All these doctrines thus flowed from her as the Publick Universal Friend
sent by God, and it was made public in what was to become a most effective
and strong preaching mode.
In many ways, Jemima hit upon some of the major religious themes which
were to engulf a portion of the nation between the founding of the new
United States in the 1790s and the beginning of the American Civil War.
However, as one listener said of her preaching. "She do preach up terror
alarmingly." She was a true follower of the new emotional revivalist mode
of sermon giving, a far cry from the silent approach to religion of her
Quaker forbears. She obviously had an appeal, for others in the community,
beyond her family circle, and before too long many became her followers.
Jemima made a striking appearance since she wore a loosely flowing black
robe with a white cravat at her neck. On her head she had a white Quaker-styled
beaver hat, and she rode upon a white horse which contrasted with her
black robe. When she went out to preach, it was an impressive sight: she
rode in her black robe on her white horse ahead of her followers who came
after her, two-by-two in procession. Her meetings were Quaker-like in
beliefs and practices. There were no sacrament, no baptism, no rites or
ceremonies. The meetings involved a waiting upon the Spirit of God to
well-up within one, and this could lead to a public statement by individuals
in her group. Morally, there was a firm opposition to war and to slavery
among the concerns being made manifest at her meetings. One difference
from traditional Quaker meetings did occur: this was the one-hour long
sermon which Jemima gave extemporaneously during the meeting. Her preaching
generally followed Quaker ideas, but some of her concepts were close to
the basis of later religious revivals in the 1820-1830s as well: that
man can choose between good and evil; that Jesus' death was the atonement
for sin for all who accept him.
In November of 1778, Jemima met Judge William Potter, a wealthy fifty-seven
year old, well-known individual in Rhode Island, a man who had thirteen
children and a household of twenty-seven people and eleven slaves. Judge
Potter became her convert in 1779, and he began to free some of his slaves.

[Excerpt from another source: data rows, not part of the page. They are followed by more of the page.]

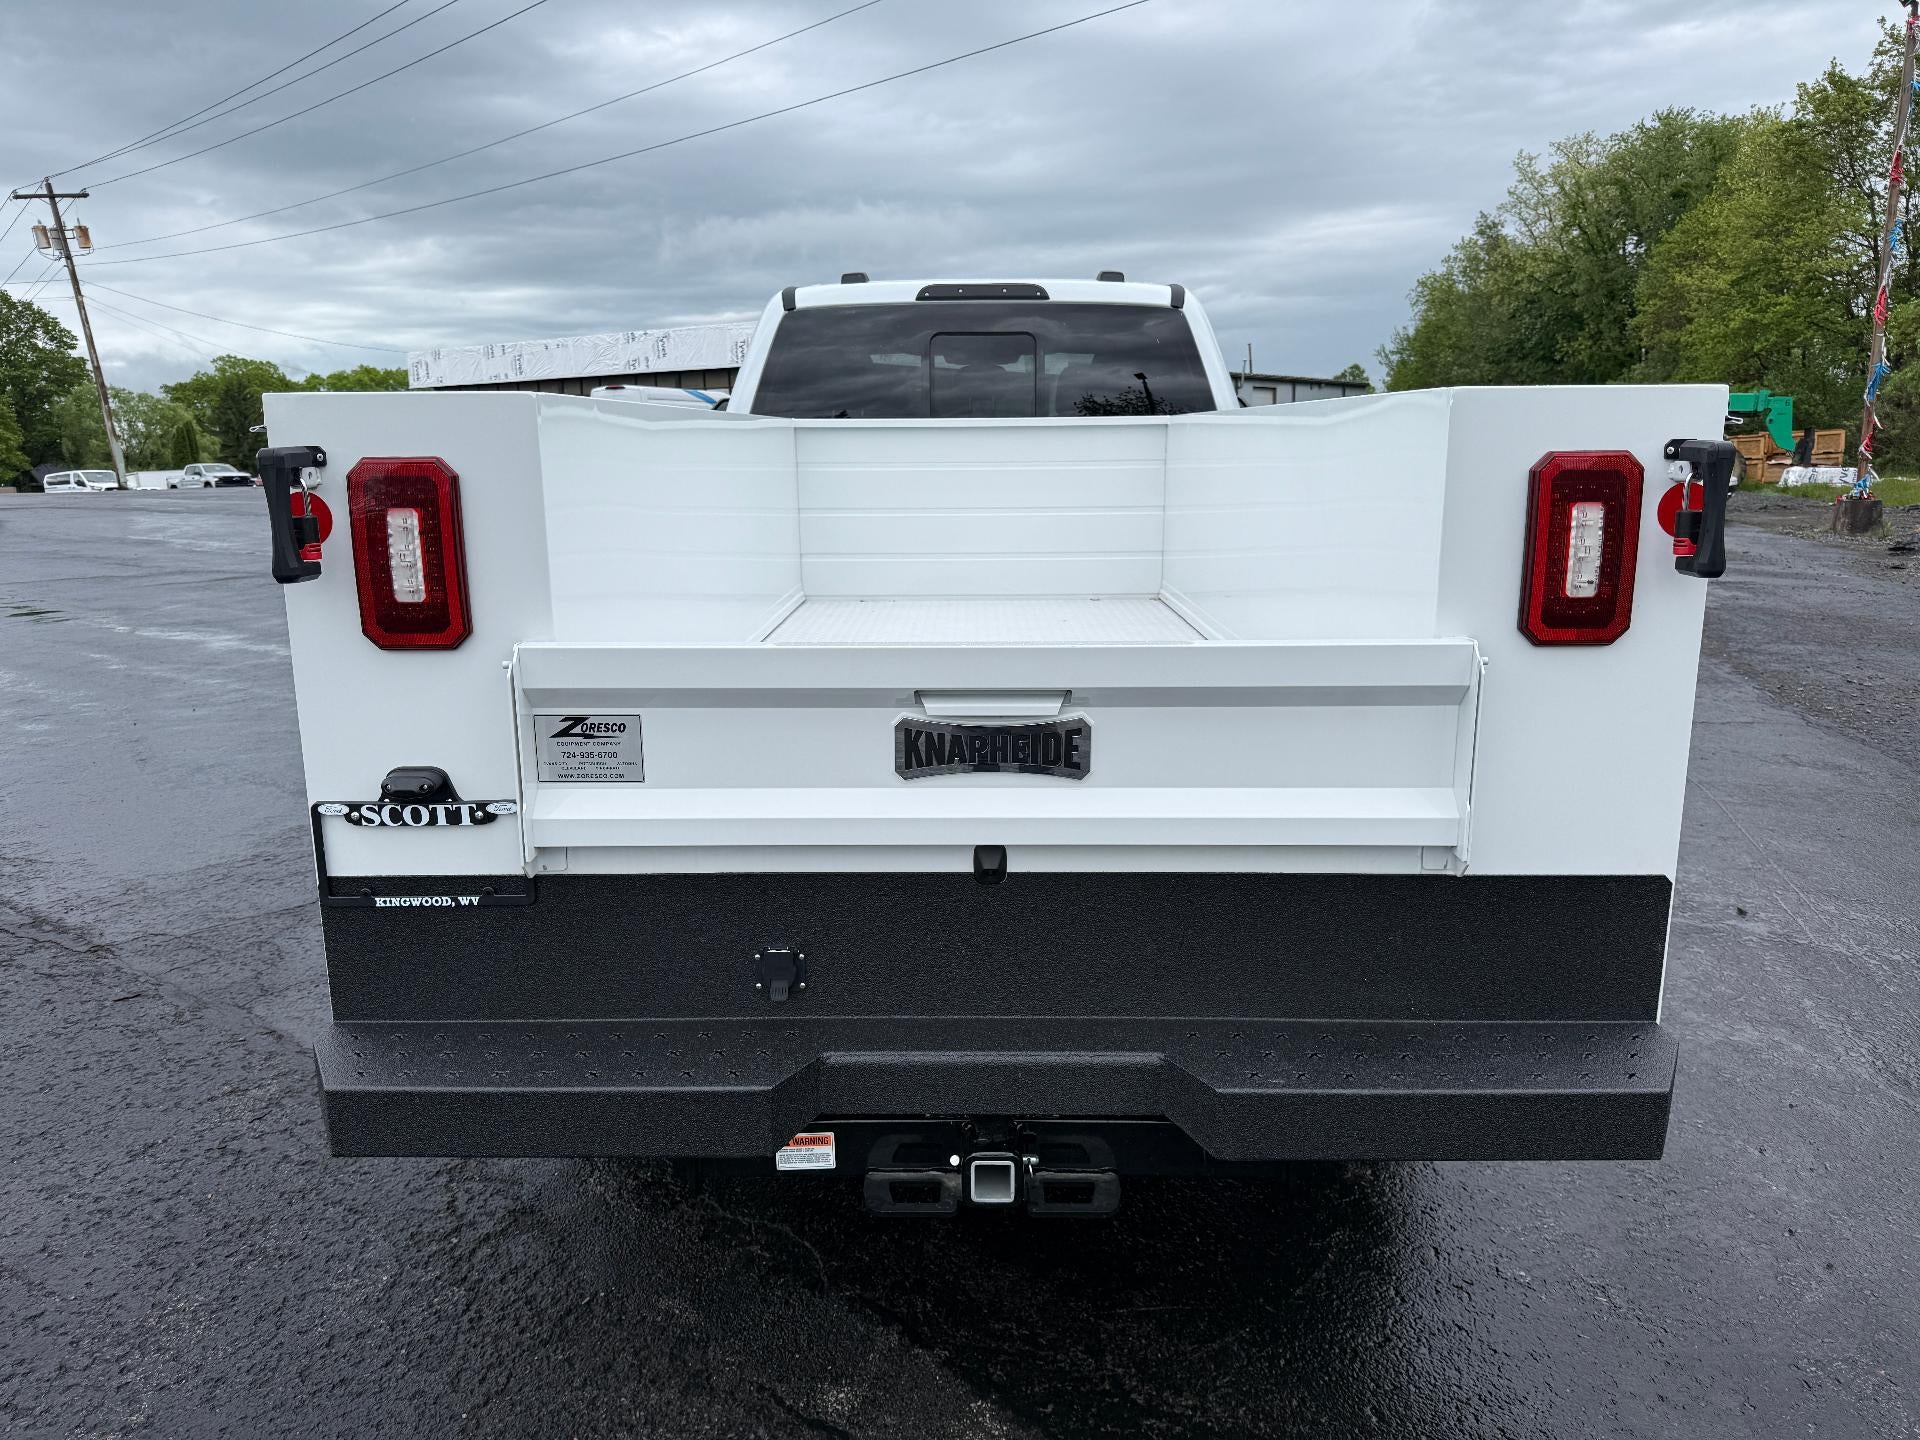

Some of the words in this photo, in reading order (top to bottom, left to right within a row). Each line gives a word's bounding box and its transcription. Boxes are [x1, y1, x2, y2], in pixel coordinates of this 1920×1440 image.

[549, 717, 626, 739] ZORESCO
[561, 751, 618, 759] 724-935-6700
[904, 727, 1083, 770] KNAPHEIDE
[360, 804, 477, 827] SCOTT
[375, 897, 455, 908] KINGWOOD,
[458, 897, 480, 906] WV
[792, 1136, 829, 1146] WARNING

Then he built a fourteen room addition to his large mansion for the use
of Jemima and her retinue of followers.
At this time, Jemima came to sense that the Millennium was immanent and
would occur about the first of April 1780. Then on May 18, 1780, the sun
was entirely blotted out from 11:00 a.m. to 2:00 p.m., a sign to many
individuals of the immanent coming of the Christ. Jemima received additional
followers as a result of this event which seemed to fulfill a portion
of her prophecy. By September 16, 1783, sufficient converts had joined
with her that a "Declaration of Faith" was composed, and the group became
known as "The Society of Universal Friends." Her Society was dependent
upon gifts from her supporters. Unlike similar groups which would follow
in later decades, Jemima held no property herself. All property was held
in the name of the Society by a Board of Trustees.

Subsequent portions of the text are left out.